The Eastern District of Kentucky, which falls within the purview of the U.S. Sixth Circuit Court of Appeals, recently denied injunctive relief to a group of plaintiffs who challenged their employer’s mandatory vaccination requirement in Beckerich, et al., v. St. Elizabeth Medical Center Inc., et al.
In this case, plaintiffs are a group of healthcare workers who are employees or former employees of defendants St. Elizabeth Medical Center and Summit Medical Group (St. Elizabeth). St. Elizabeth recently enacted a mandatory vaccination policy, whereby an employee must receive a COVID-19 vaccination unless he or she requests a medical or religious exemption. Any employee who fails to comply with the policy may be terminated.
Plaintiffs filed a lawsuit in federal court against St. Elizabeth, raising constitutional and other claims in connection with the policy. As part of that litigation, plaintiffs filed a motion for a temporary restraining order and/or preliminary injunction, asking the court to prohibit St. Elizabeth from enforcing the policy. In support, plaintiffs argued that St. Elizabeth’s mandatory vaccination policy “infringes upon their constitutional rights and that Defendants have not approved religious and medical accommodations to the vaccination policy in accordance with the Americans with Disabilities Act (“ADA”) and Title VII of the Civil Rights Act of 1964 (“Title VII”).”
Court’s decision on mandatory vaccination policy
The court denied plaintiffs’ motion for a temporary restraining order and/or preliminary injunction. By way of background, courts generally analyze the following four factors to determine whether such motions should be granted: (a) whether the moving party has a strong likelihood of success on the merits; (b) whether the moving party would suffer irreparable harm without the injunctive relief; (c) whether the injunctive relief would cause substantial harm to others; and (d) whether the public interest would be served by granting the injunctive relief. The court discussed each of these factors in turn.
Strong success of likelihood on the merits
The court held that plaintiffs’ constitutional claims against St. Elizabeth had “zero likelihood of success on the merits” because St. Elizabeth is a private, non-government actor that is not subject to constitutional claims. The court then analyzed plaintiffs’ ADA and Title VII claims against St. Elizabeth. With respect to the ADA, the court reiterated what many employers already know: if an employer implements a vaccination mandate but does not provide reasonable accommodations to disabled employees, an employee has an actionable claim of discrimination under the ADA. Here, the evidence showed that St. Elizabeth complied with the ADA because it either granted full exemptions or granted deferments to 75% of employees who requested a medical accommodation to the vaccine requirement. The court also noted that no plaintiff suffered an adverse employment decision in violation of the ADA.
The court then analyzed plaintiffs’ Title VII claim of religious discrimination against St. Elizabeth. Here, the court held that plaintiffs could not establish a prima facie case of religious discrimination because St. Elizabeth either granted full exemptions or granted deferments to 95% of employees who requested a religious accommodation to the vaccine requirement.
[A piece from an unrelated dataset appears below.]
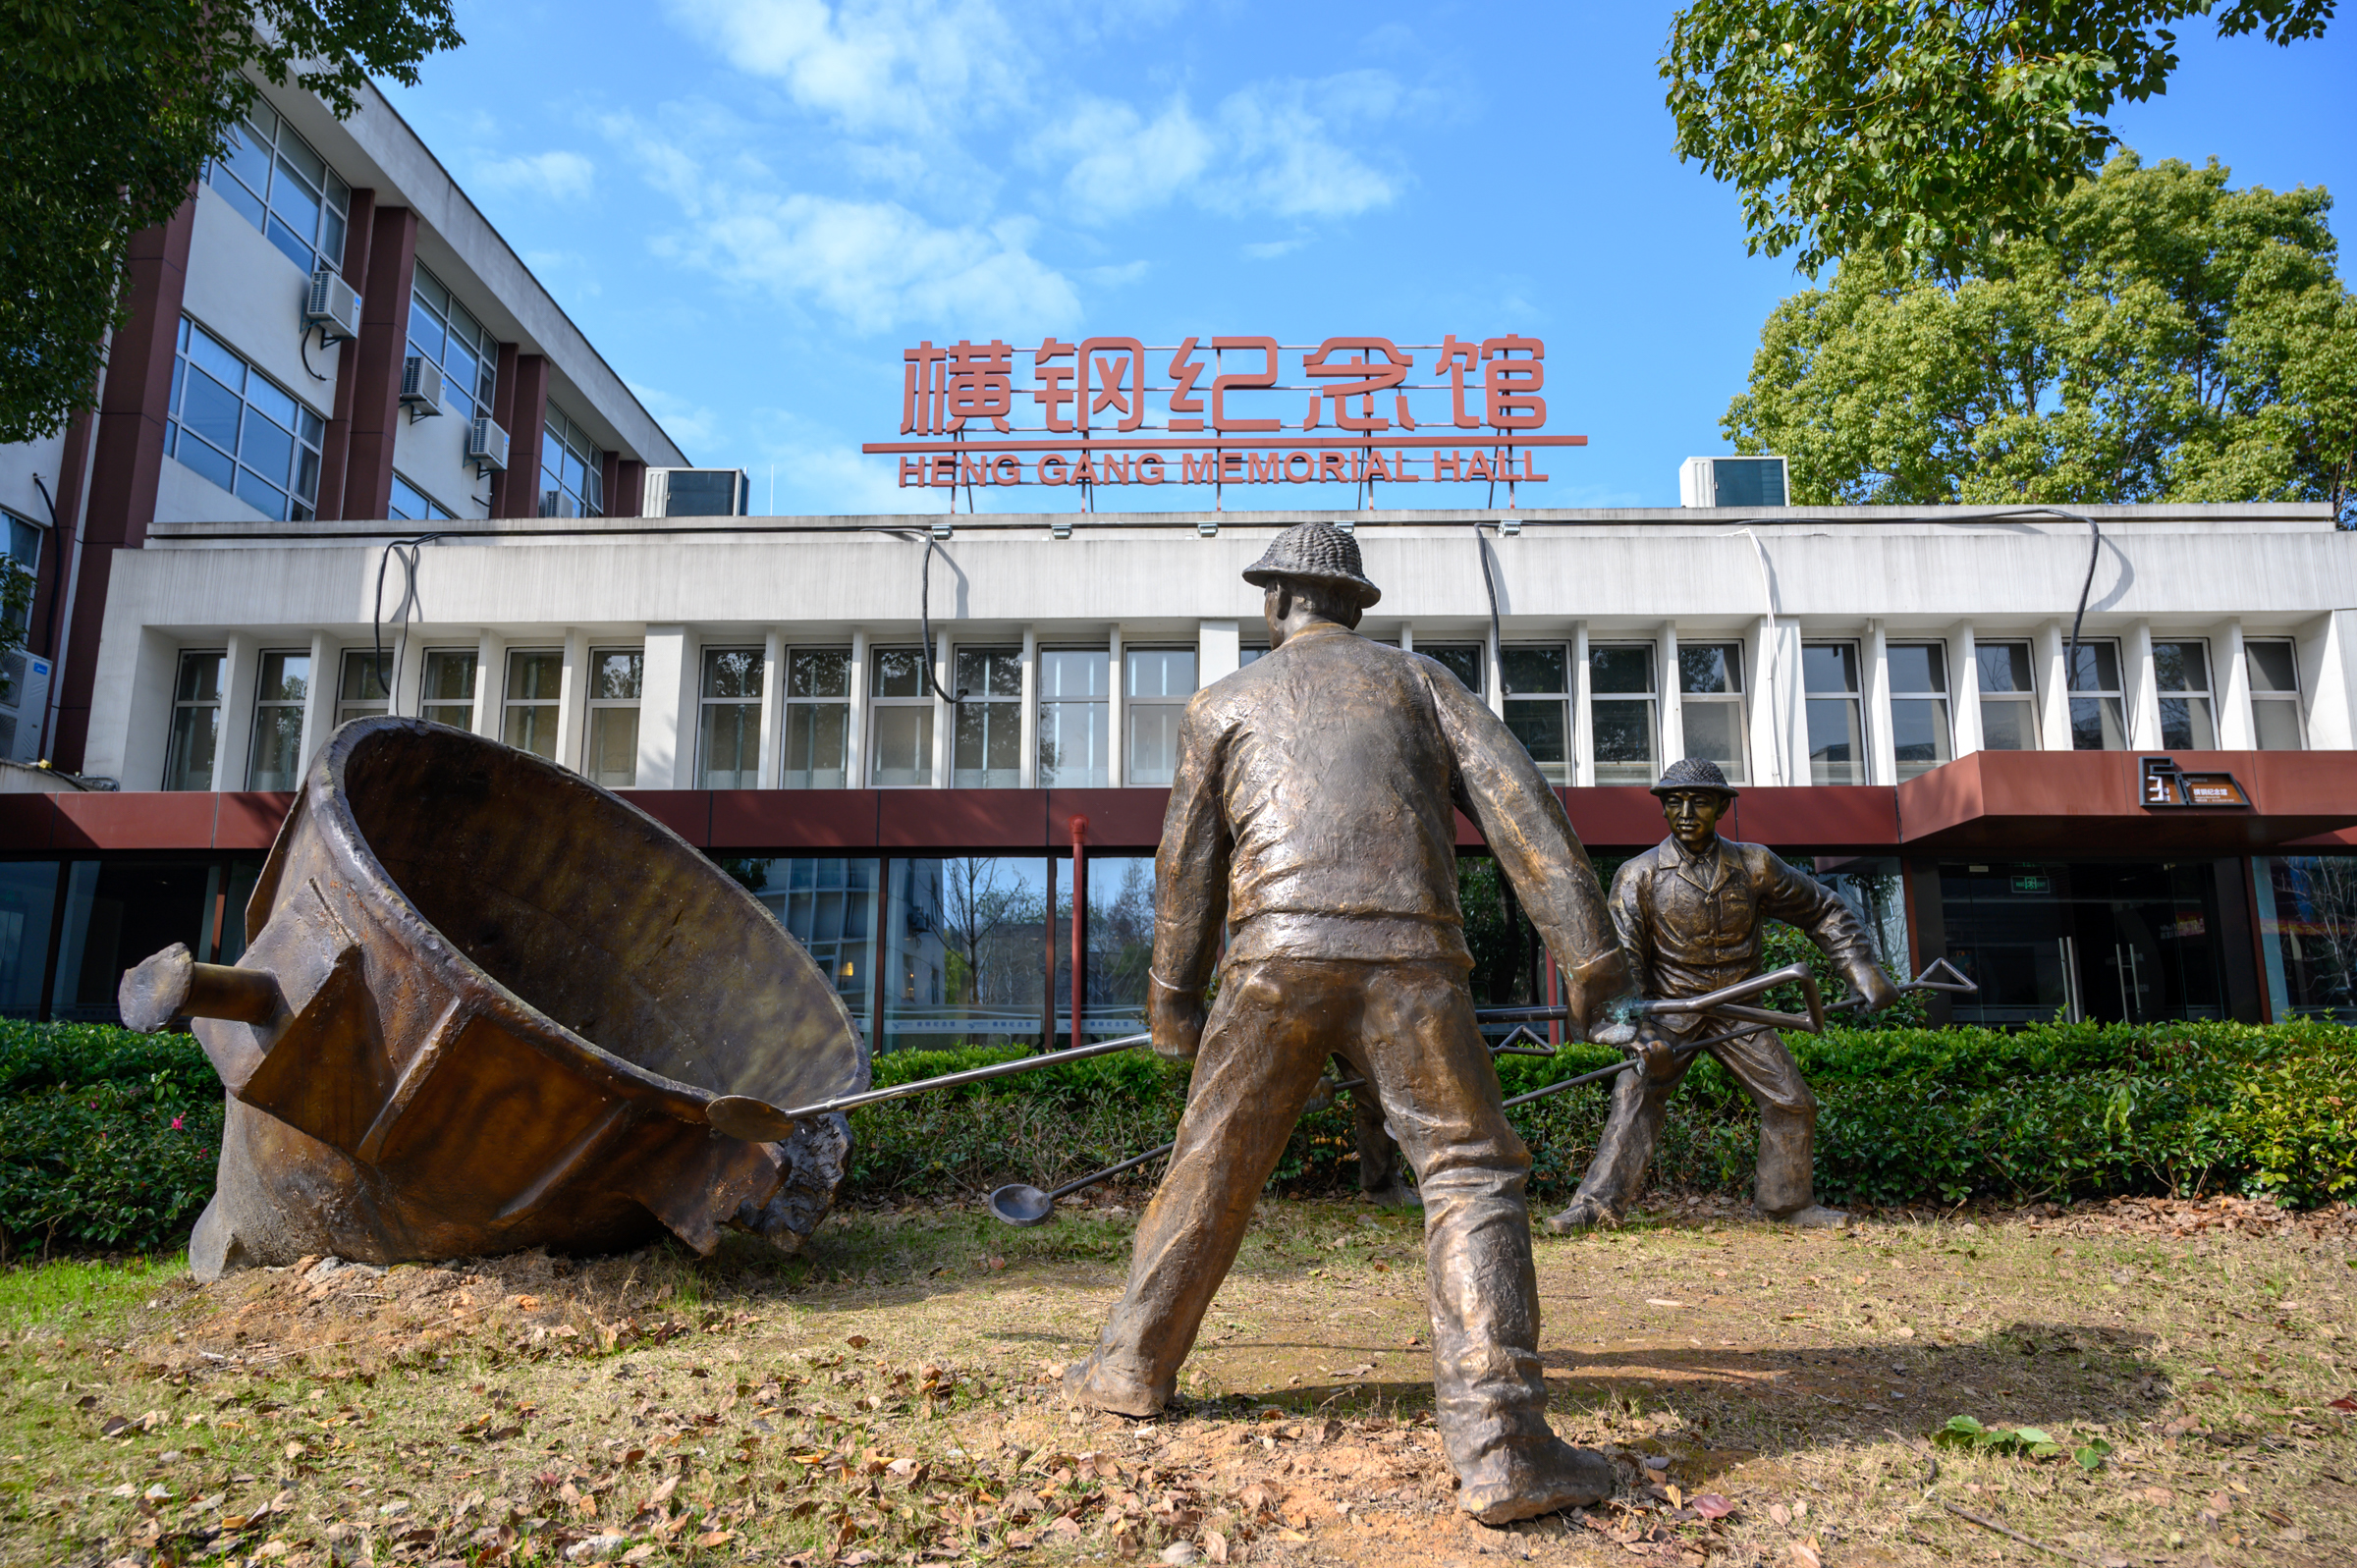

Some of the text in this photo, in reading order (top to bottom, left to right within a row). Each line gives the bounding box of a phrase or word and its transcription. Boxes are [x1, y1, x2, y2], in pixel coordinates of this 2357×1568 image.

Moreover, St. Elizabeth did not deny a religious accommodation to any of the plaintiffs in this case.
The court continued its analysis by holding that plaintiffs failed to show irreparable harm would result in the absence of injunctive relief. Although plaintiffs argued that the loss of their employment is irreparable, the court disagreed. The court reasoned that loss of employment is fully compensable by monetary damages that any plaintiff who loses his or her employment can receive under the law. The court also held that no plaintiff in this case is suffering irreparable harm because St. Elizabeth’s policy does not call for forcible vaccination. Rather, the policy is merely a condition of employment.
Substantial harm to others and public interest
Here, the court held that the public interest is served by ending the COVID-19 pandemic, and that St. Elizabeth’s mandatory vaccination policy is permissible because it “balances the public interests with individual liberties.” St. Elizabeth’s policy is a condition of employment, just like its requirement that all employees receive an influenza vaccination. If an employee does not want to meet that condition, he or she may seek other employment.
Although this decision only applies to private, non-government employers, it shows that mandatory vaccination policies which allow for religious and/or medical exemptions are likely permissible under federal law.